Malgré cette fragilité physique, Farba Ngom a répondu à l’ensemble des questions qui lui ont été posées. Mais c’est précisément la nature de ces questions qui intrigue. Toujours selon L’Observateur, l’audition aurait été essentiellement centrée sur les relations entre Farba Ngom et l’homme d’affaires Tahirou Sarr, coaccusé dans ce dossier explosif. Une orientation qui suscite l’étonnement de la défense : aucune interrogation directe n’aurait porté sur l’infraction de détournement de deniers publics, pourtant au cœur du dossier et fondement de la détention du maire des Agnam.
« Il est poursuivi pour un détournement de 31 milliards de FCfa, et aucune question n’a porté sur le Trésor public », martèlent ses avocats, qui parlent d’une anomalie majeure. Pour eux, cette absence conforte l’idée que les accusations ne reposent pas sur des éléments établis. Me Baboucar Cissé, l’un de ses conseils, est allé jusqu’à qualifier l’infraction reprochée de « chimère », estimant qu’elle ne servirait qu’à justifier une détention prolongée.

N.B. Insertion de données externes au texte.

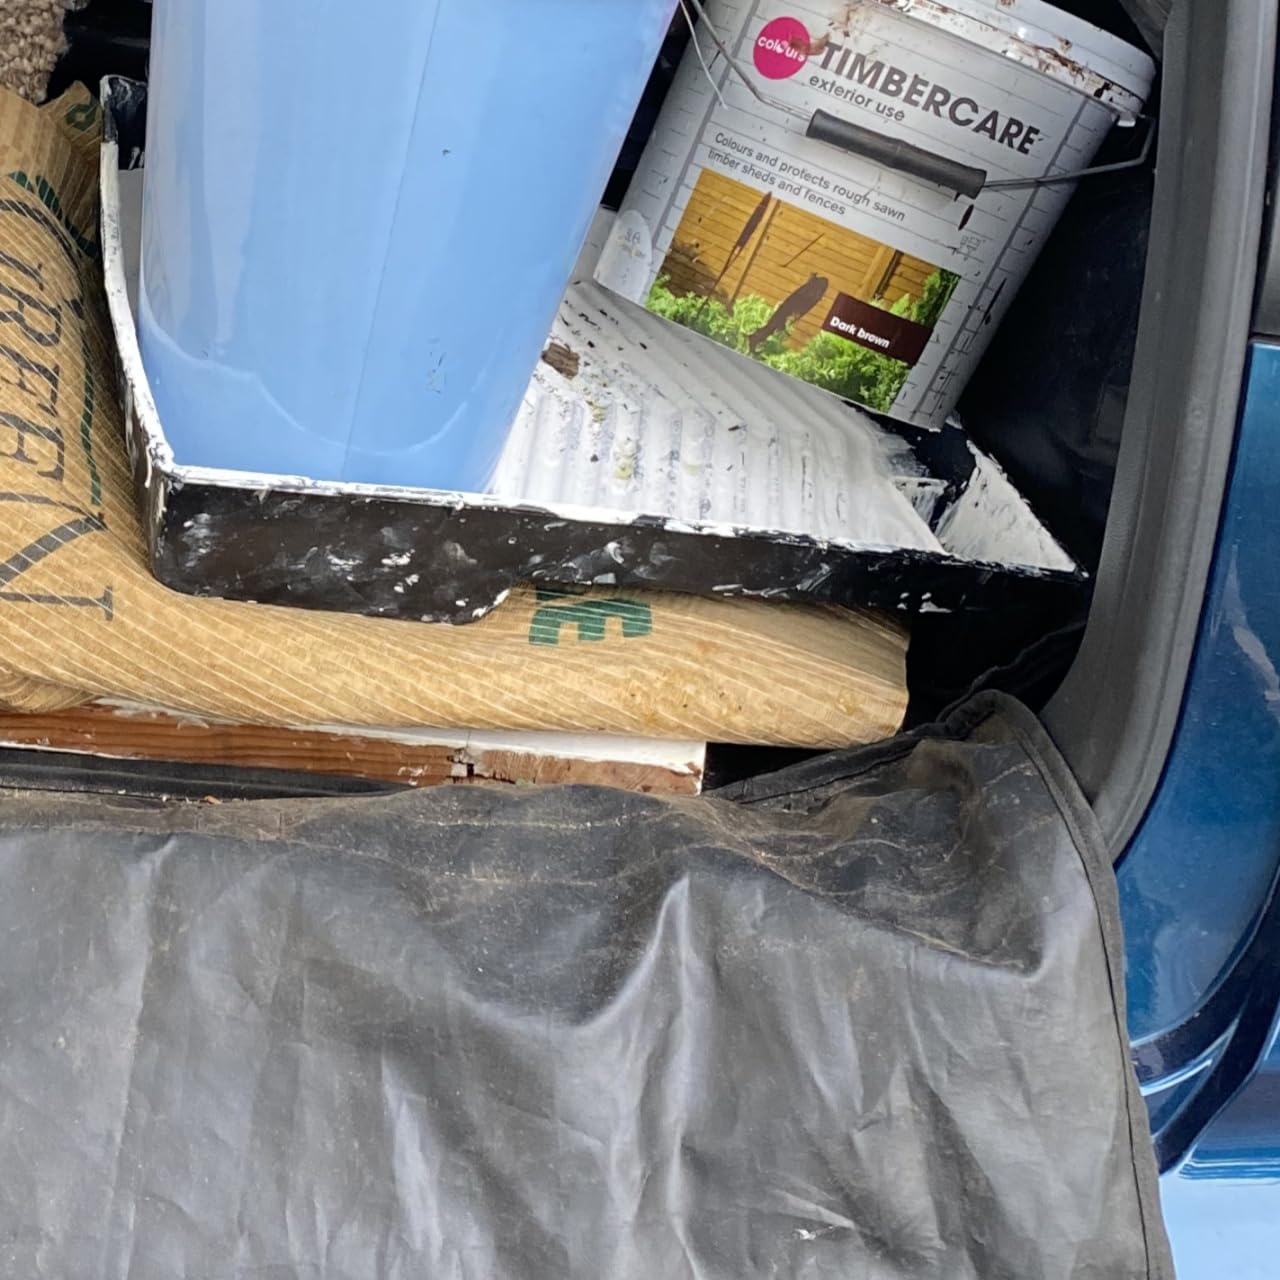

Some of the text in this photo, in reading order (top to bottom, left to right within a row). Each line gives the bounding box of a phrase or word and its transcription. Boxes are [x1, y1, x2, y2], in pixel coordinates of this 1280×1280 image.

Sur le fond, Farba Ngom a été interrogé sur un point précis : a-t-il remporté un marché public ou bénéficié d’un virement du Trésor public ? À ces deux questions, sa réponse a été catégorique : non. Il a même invité le magistrat instructeur à vérifier ses déclarations par voie de réquisitions, affirmant n’avoir jamais eu le moindre lien financier avec le Trésor. « Je ne connaissais même pas où se trouve le bureau du Trésorier général », aurait-il déclaré, selon des sources de L’Observateur, ajoutant qu’il ne disposait ni du numéro du Trésorier général ni de celui du payeur général.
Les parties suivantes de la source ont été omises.